• TASK GOAL:
Only the text is wanted; write out each record below exactly and exclude all pictures.

• Saved data entries:

======

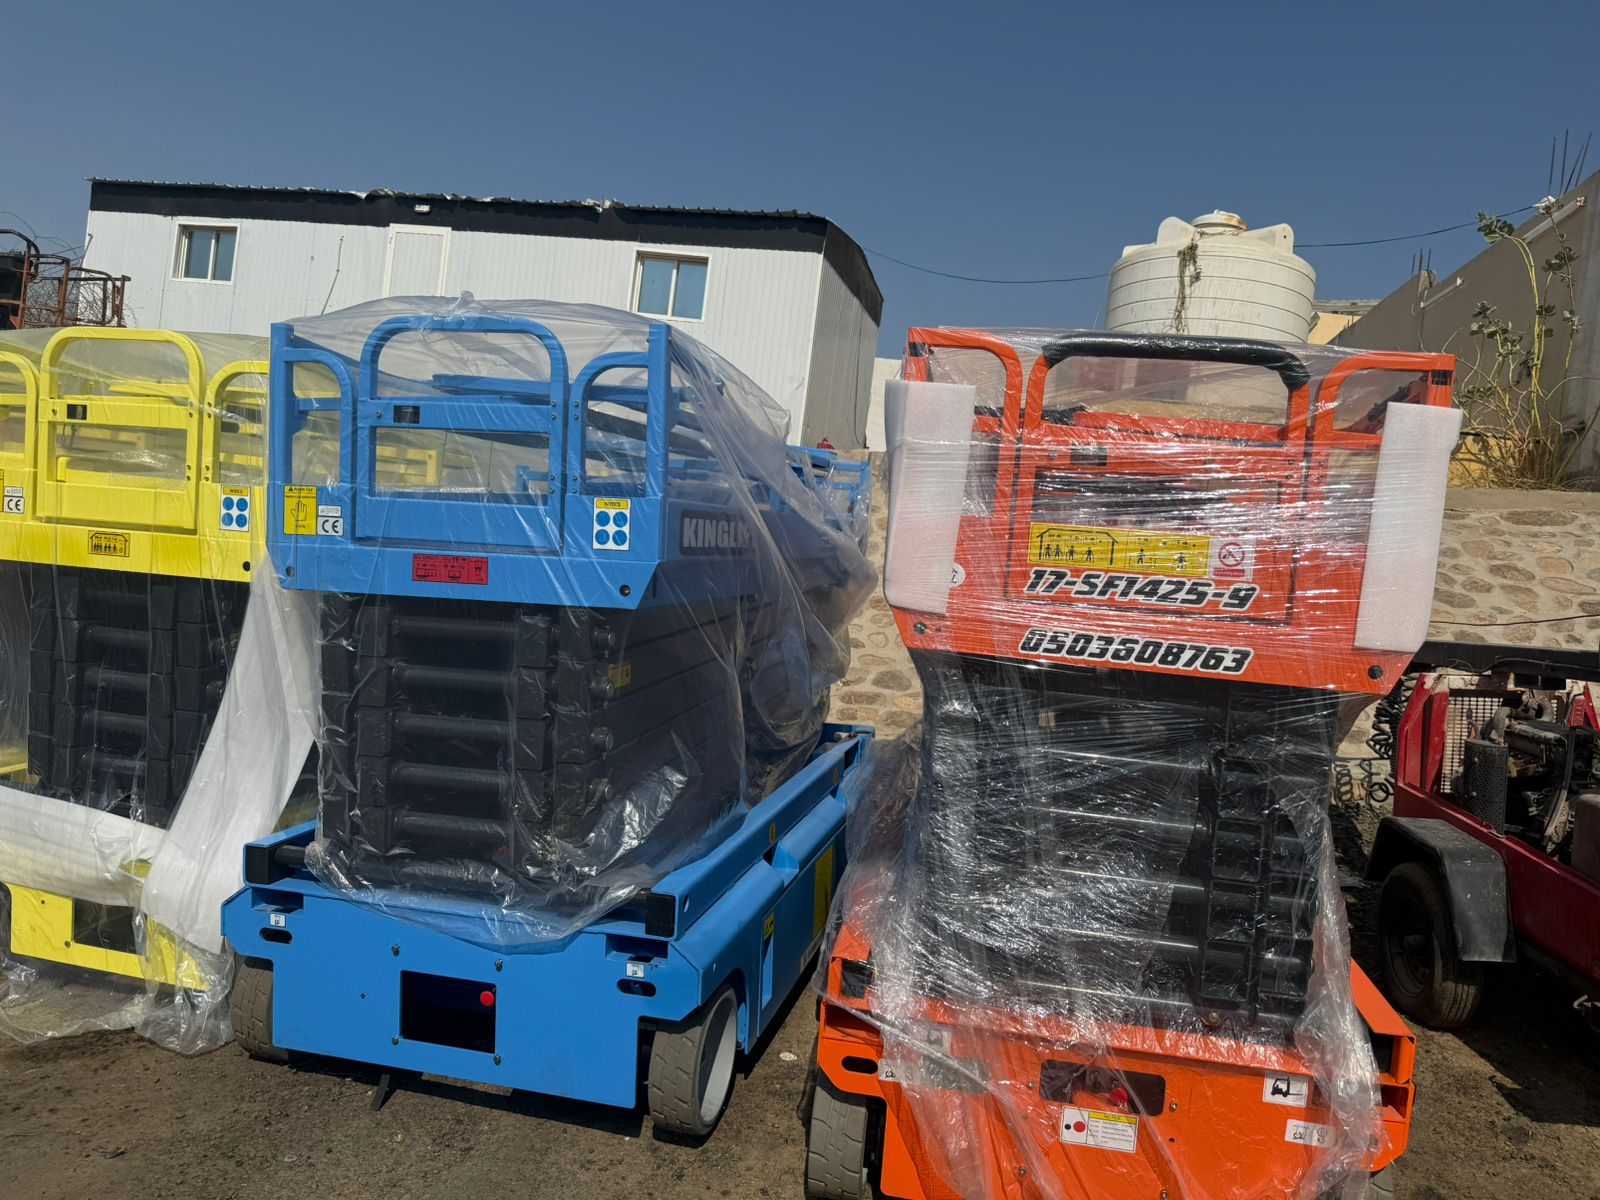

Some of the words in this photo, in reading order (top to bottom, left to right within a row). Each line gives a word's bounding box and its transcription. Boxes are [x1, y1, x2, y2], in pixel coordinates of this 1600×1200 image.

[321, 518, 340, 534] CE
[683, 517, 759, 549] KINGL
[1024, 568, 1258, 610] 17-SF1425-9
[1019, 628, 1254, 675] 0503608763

======

• SOLUTION:
Some of the words in this photo, in reading order (top to bottom, left to right within a row). Each line gives a word's bounding box and its transcription. Boxes are [x1, y1, x2, y2], in pixel coordinates of this 1600×1200 image.

[321, 518, 340, 534] CE
[683, 517, 759, 549] KINGL
[1024, 568, 1258, 610] 17-SF1425-9
[1019, 628, 1254, 675] 0503608763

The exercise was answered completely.